** Available records follows **
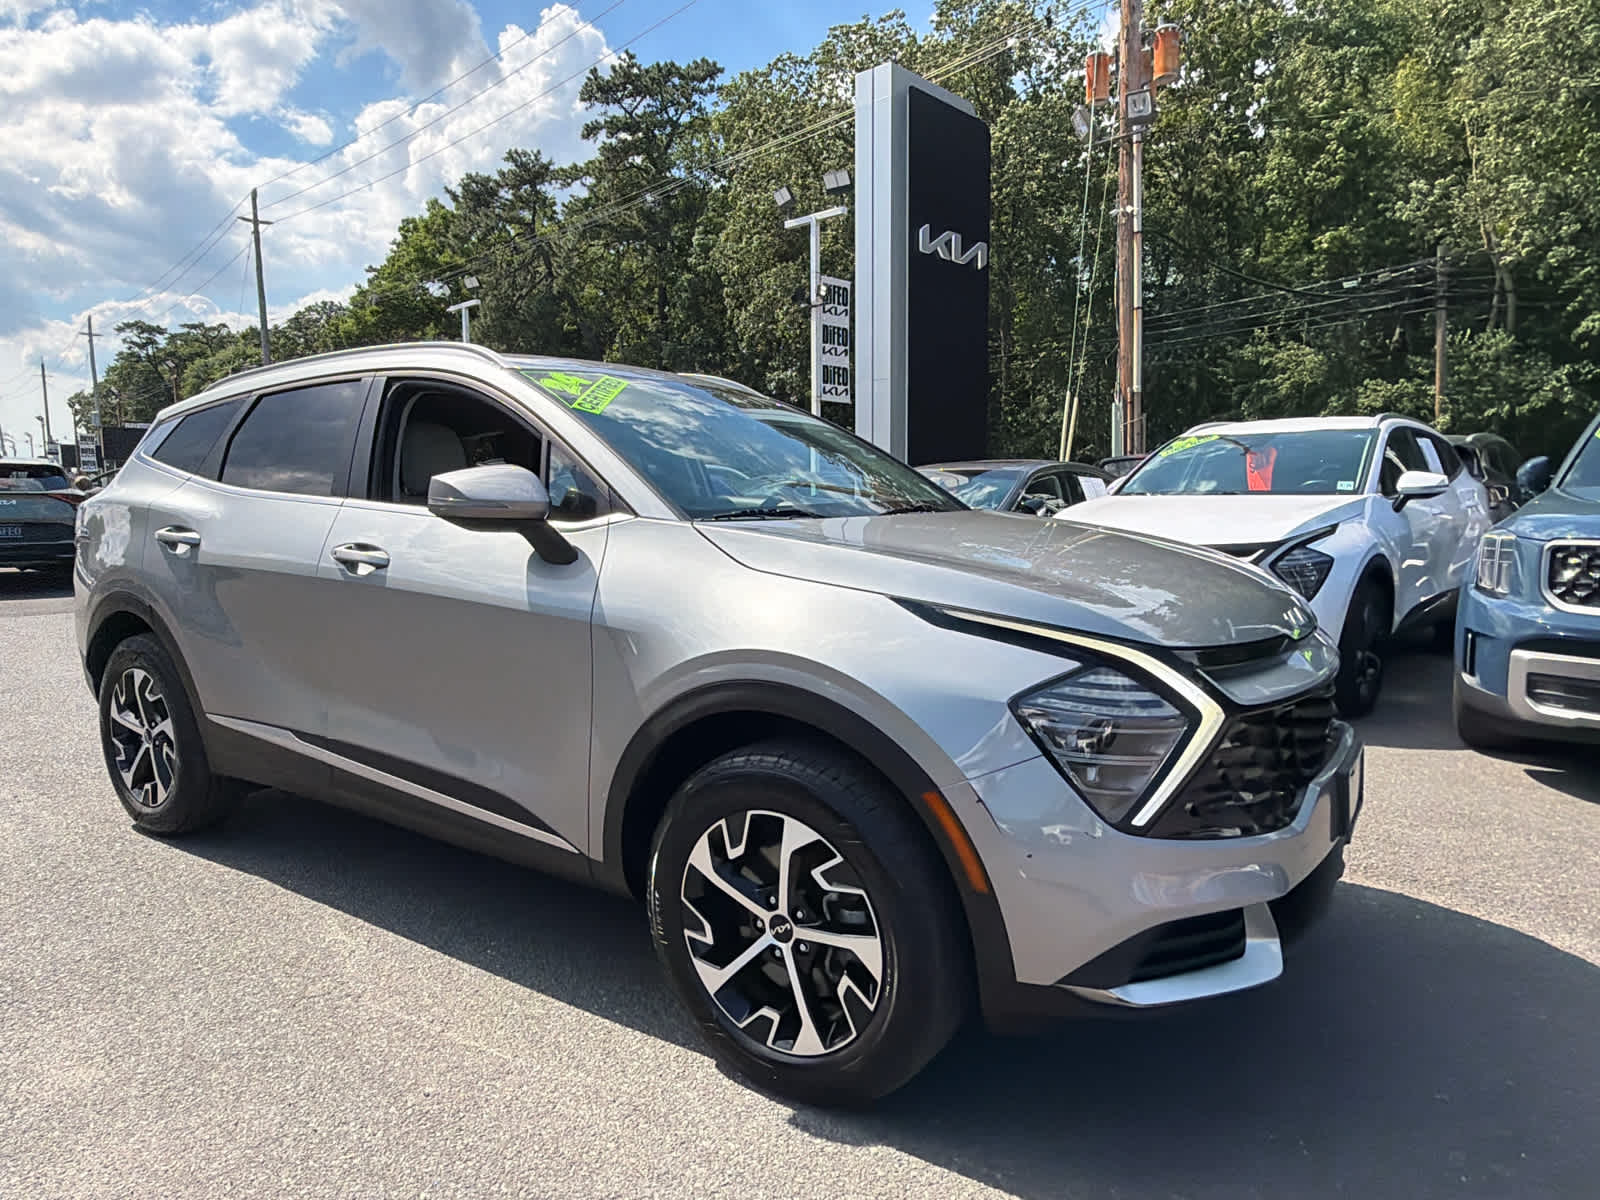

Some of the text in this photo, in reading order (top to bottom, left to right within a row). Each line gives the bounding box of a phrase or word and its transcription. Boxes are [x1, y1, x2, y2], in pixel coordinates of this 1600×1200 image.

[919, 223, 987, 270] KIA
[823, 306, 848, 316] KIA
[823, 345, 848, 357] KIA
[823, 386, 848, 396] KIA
** End of Available records **
▶ _Exercise requirements_: Write out the entries again word for word. Do not include the pictures.

▶ _Expected answer_:
Some of the text in this photo, in reading order (top to bottom, left to right within a row). Each line gives the bounding box of a phrase or word and its transcription. Boxes are [x1, y1, x2, y2], in pixel coordinates of this 1600×1200 image.

[919, 223, 987, 270] KIA
[823, 306, 848, 316] KIA
[823, 345, 848, 357] KIA
[823, 386, 848, 396] KIA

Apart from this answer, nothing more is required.